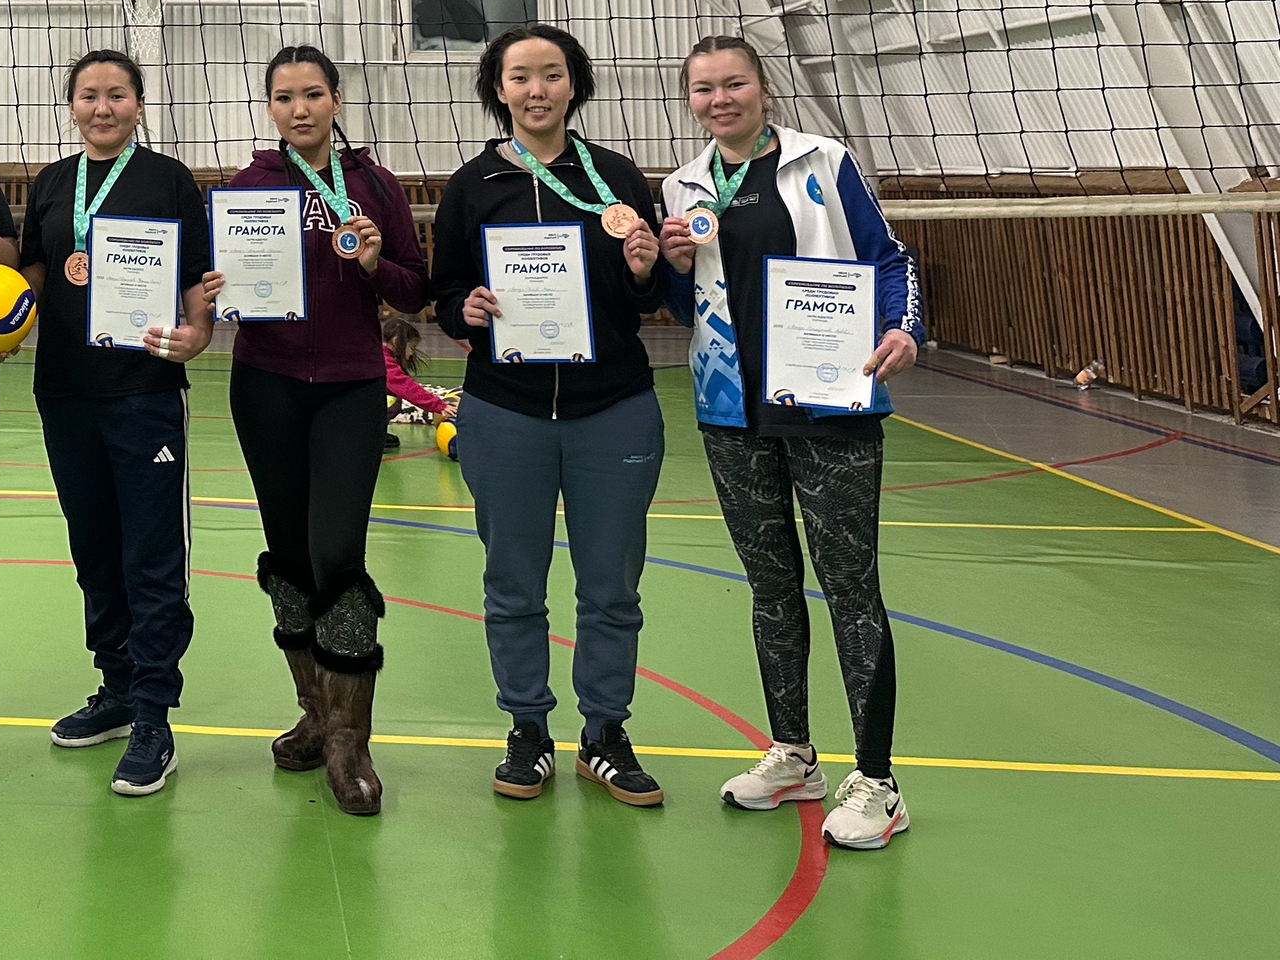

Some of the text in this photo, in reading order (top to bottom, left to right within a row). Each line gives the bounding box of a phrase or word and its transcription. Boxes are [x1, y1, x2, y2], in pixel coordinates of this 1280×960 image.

[228, 225, 286, 236] ГРАМОТА
[106, 253, 162, 267] ГРАМОТА
[505, 263, 567, 274] ГРАМОТА
[785, 299, 856, 315] ГРАМОТА
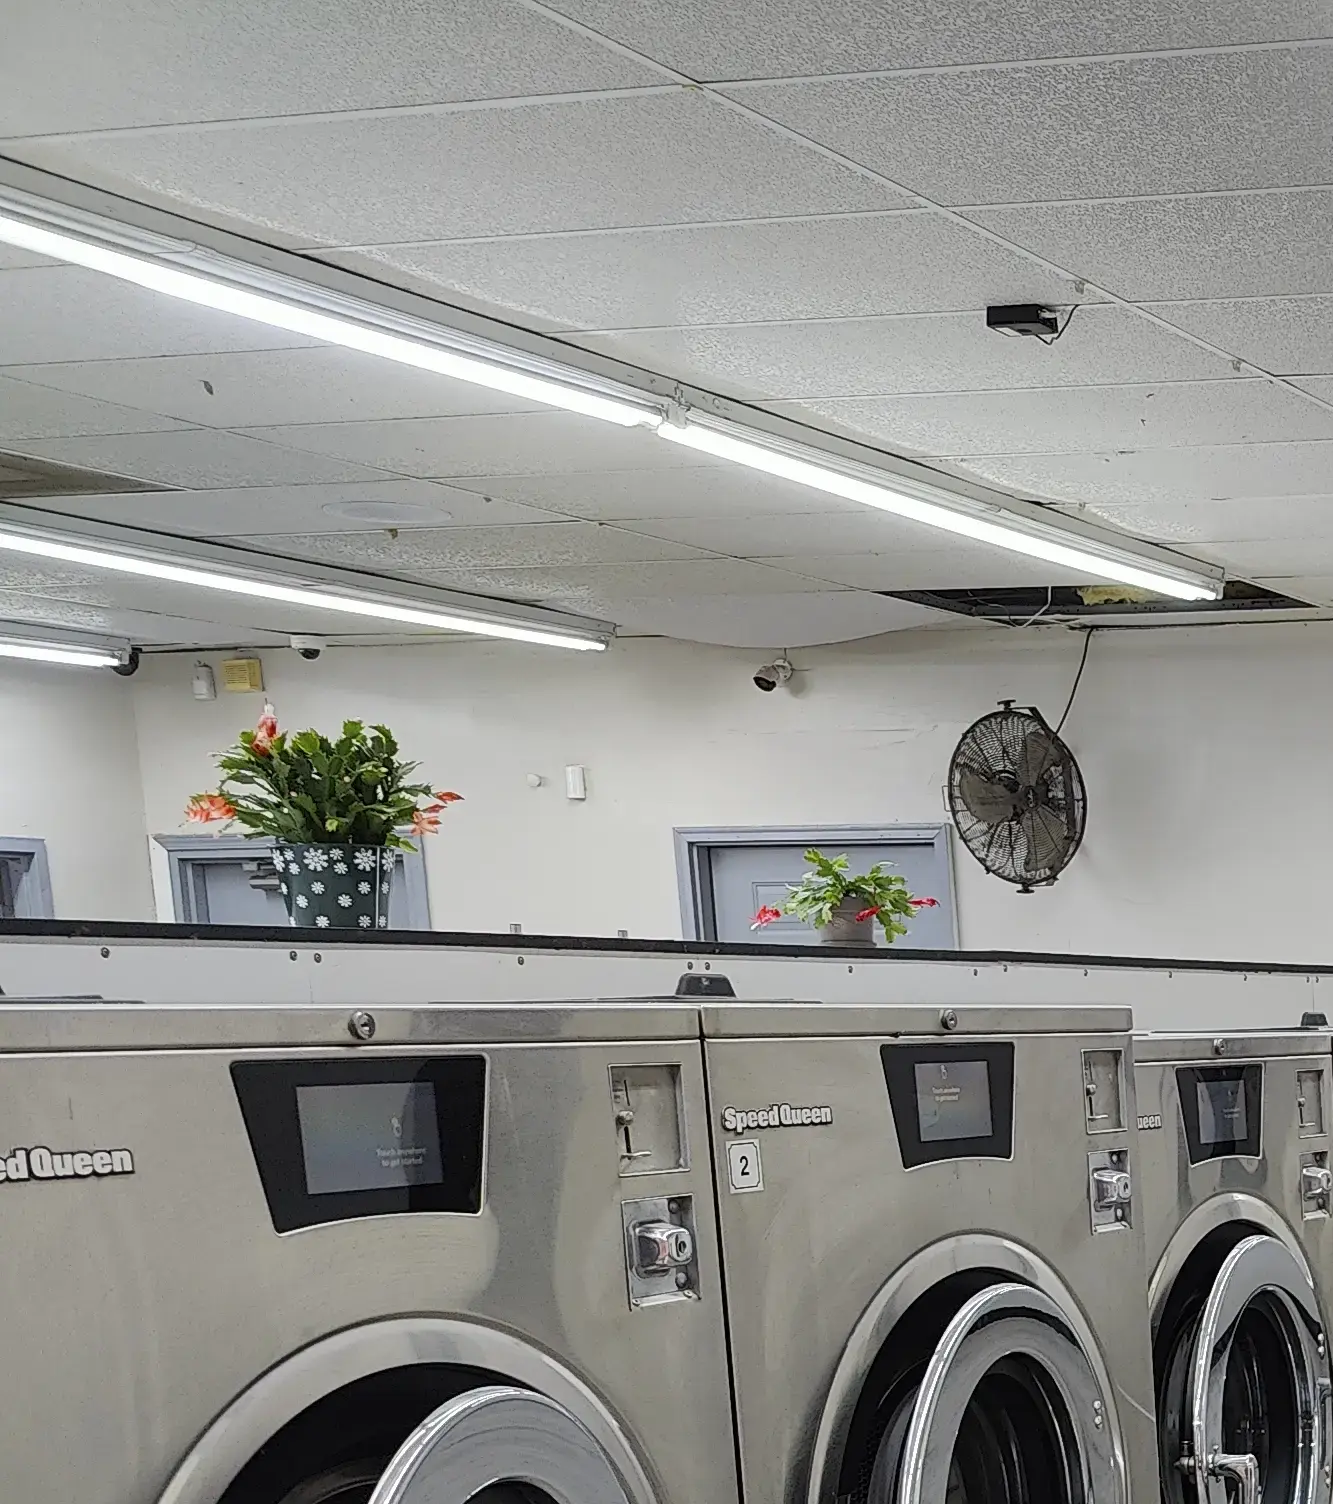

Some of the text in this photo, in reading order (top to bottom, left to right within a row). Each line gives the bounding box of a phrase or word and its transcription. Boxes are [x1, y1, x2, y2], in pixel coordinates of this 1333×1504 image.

[722, 1103, 833, 1135] Speed Queen
[1137, 1114, 1162, 1131] ueen
[29, 1146, 135, 1180] Queen
[739, 1155, 750, 1176] 2
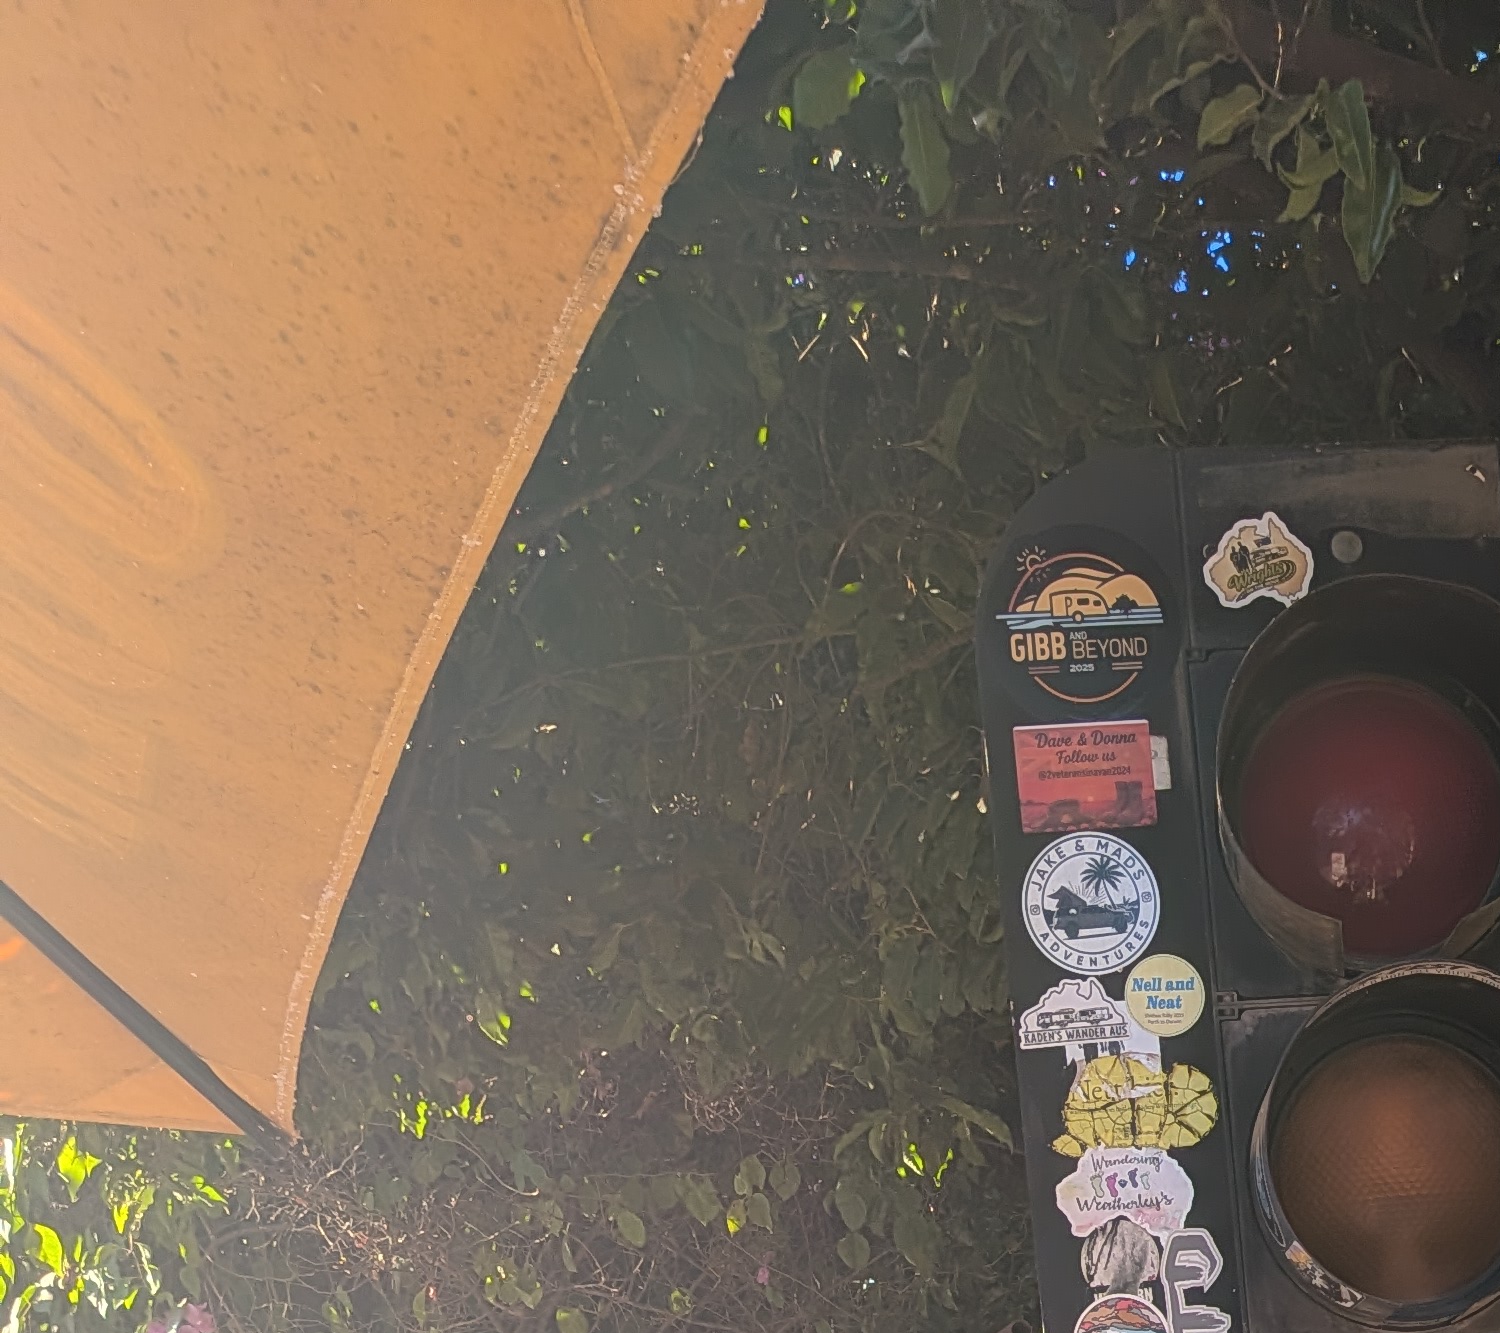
□ □ □ □ □
- **EXERCISE**
Output all of the entries verbatim, leaving out any images.

- **RESPONSE AREA**
Some of the text in this photo, in reading order (top to bottom, left to right within a row). Each line gives the bounding box of a phrase or word and its transcription. Boxes are [x1, y1, x2, y2], in pixel coordinates of this 1280×960 image.

[228, 225, 286, 236] ГРАМОТА
[106, 253, 162, 267] ГРАМОТА
[505, 263, 567, 274] ГРАМОТА
[785, 299, 856, 315] ГРАМОТА

Some of the text in this photo, in reading order (top to bottom, left to right within a row). Each line gives the bounding box of a phrase or word and its transcription. Boxes are [x1, y1, x2, y2], in pixel coordinates of this 1333×1504 image.

[722, 1103, 833, 1135] Speed Queen
[1137, 1114, 1162, 1131] ueen
[29, 1146, 135, 1180] Queen
[739, 1155, 750, 1176] 2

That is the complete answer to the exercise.